## About this exercise
An exact copy of the entries below is needed, with every picture left out.

## Stored data entries
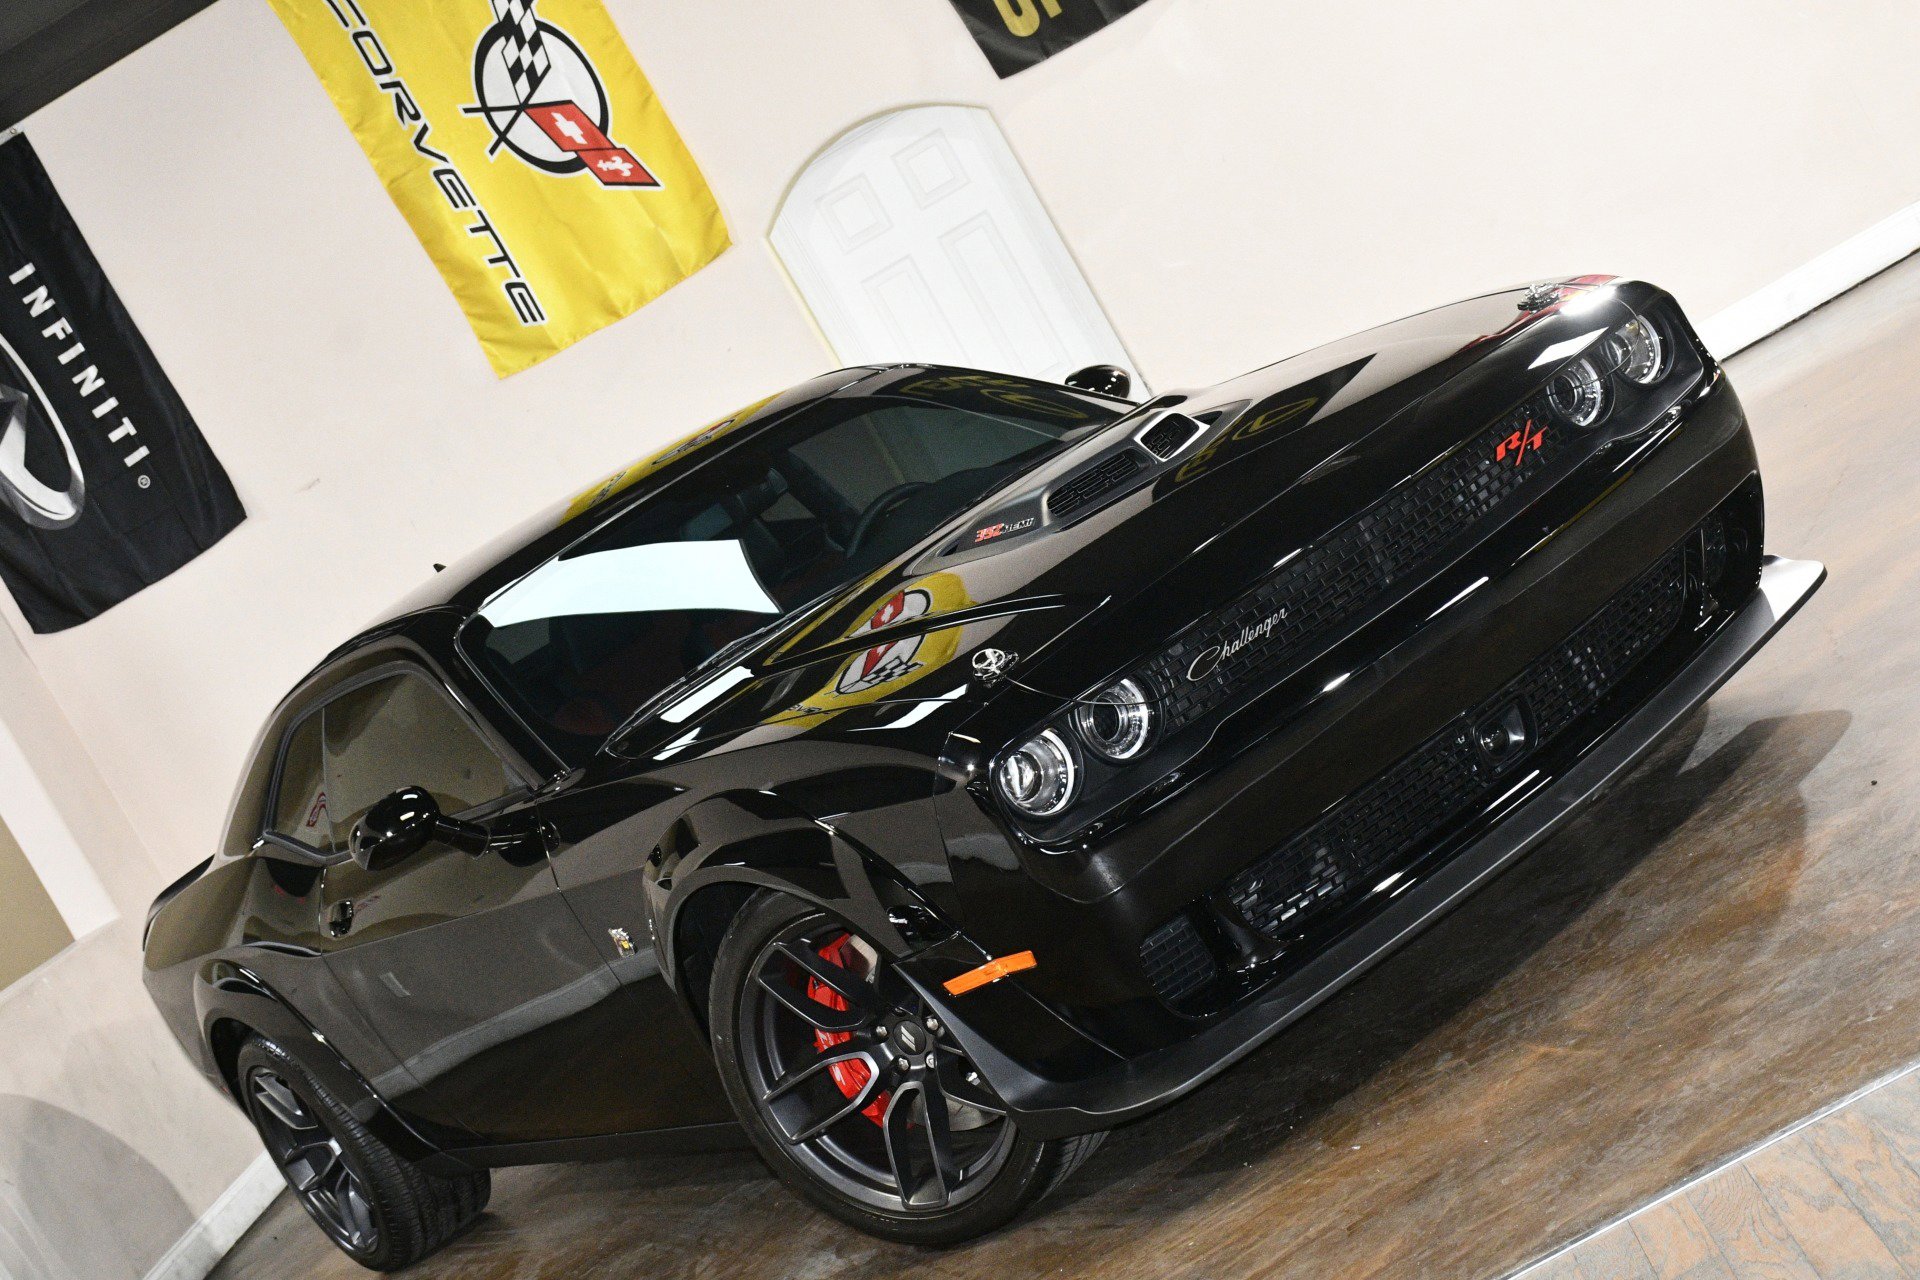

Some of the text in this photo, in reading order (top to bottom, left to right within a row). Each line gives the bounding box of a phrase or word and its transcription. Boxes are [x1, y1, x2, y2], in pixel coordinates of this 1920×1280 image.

[9, 262, 150, 467] INFINITI
[1496, 419, 1548, 466] R/T
[1186, 608, 1288, 682] Challenger
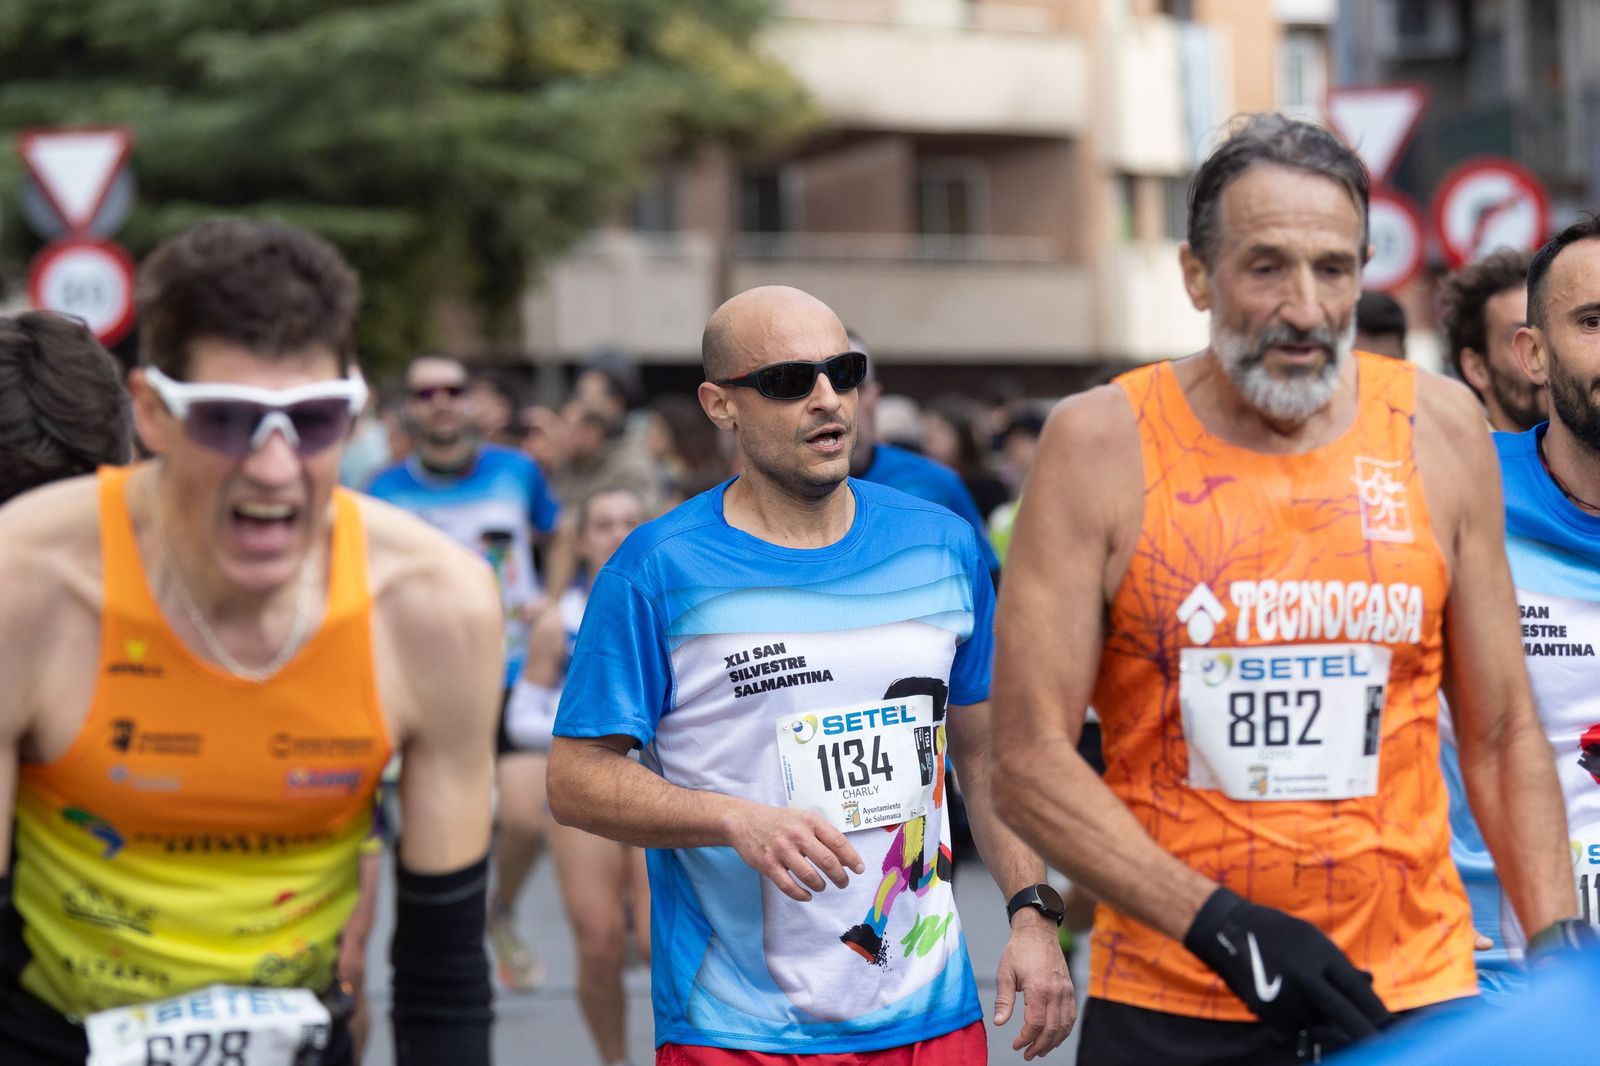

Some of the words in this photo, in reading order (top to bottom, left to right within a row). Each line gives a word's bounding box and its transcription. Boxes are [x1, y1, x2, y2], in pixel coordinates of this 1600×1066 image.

[1230, 579, 1423, 644] TECNOCASA
[1518, 605, 1549, 619] SAN
[1521, 624, 1567, 638] ESTRE
[723, 652, 750, 669] XLI
[752, 642, 787, 661] SAN
[728, 655, 807, 683] SILVESTRE
[1239, 653, 1369, 681] SETEL
[733, 669, 834, 698] SALMANTINA
[822, 704, 917, 736] SETEL
[1228, 689, 1322, 748] 862
[816, 735, 894, 792] 1134
[842, 784, 880, 800] CHARLY
[862, 802, 902, 815] Ayuntamiento
[864, 815, 873, 824] de
[873, 811, 902, 823] Salamanca
[156, 988, 298, 1023] SETEL
[146, 1029, 250, 1066] 628
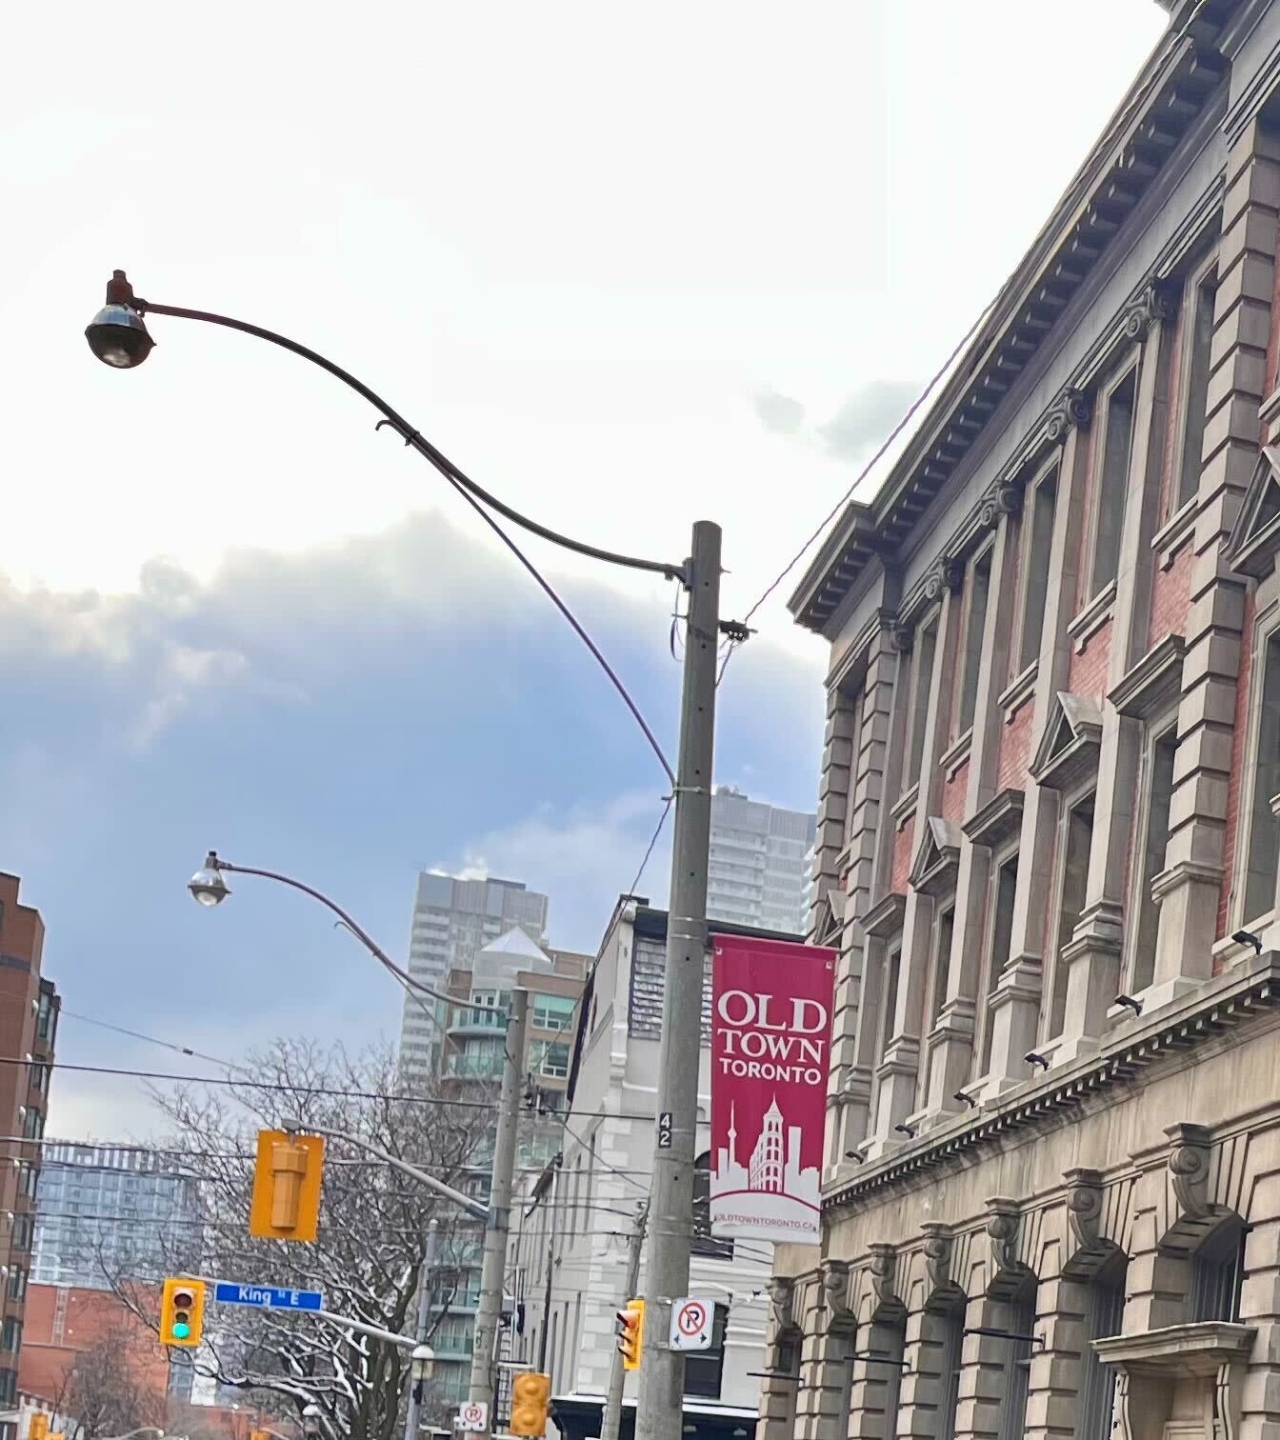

## Exercise response
Some of the text in this photo, in reading order (top to bottom, left to right within a row). Each line gives the bounding box of a phrase or word and its transcription. Boxes are [x1, y1, x2, y2], in pixel coordinates of this 1920×1280 image.

[9, 262, 150, 467] INFINITI
[1496, 419, 1548, 466] R/T
[1186, 608, 1288, 682] Challenger

Some of the words in this photo, in reading order (top to bottom, left to right within a row). Each line gives a word's bounding box and its transcription. Boxes are [x1, y1, x2, y2], in pixel coordinates of this 1600×1066 image.

[1230, 579, 1423, 644] TECNOCASA
[1518, 605, 1549, 619] SAN
[1521, 624, 1567, 638] ESTRE
[723, 652, 750, 669] XLI
[752, 642, 787, 661] SAN
[728, 655, 807, 683] SILVESTRE
[1239, 653, 1369, 681] SETEL
[733, 669, 834, 698] SALMANTINA
[822, 704, 917, 736] SETEL
[1228, 689, 1322, 748] 862
[816, 735, 894, 792] 1134
[842, 784, 880, 800] CHARLY
[862, 802, 902, 815] Ayuntamiento
[864, 815, 873, 824] de
[873, 811, 902, 823] Salamanca
[156, 988, 298, 1023] SETEL
[146, 1029, 250, 1066] 628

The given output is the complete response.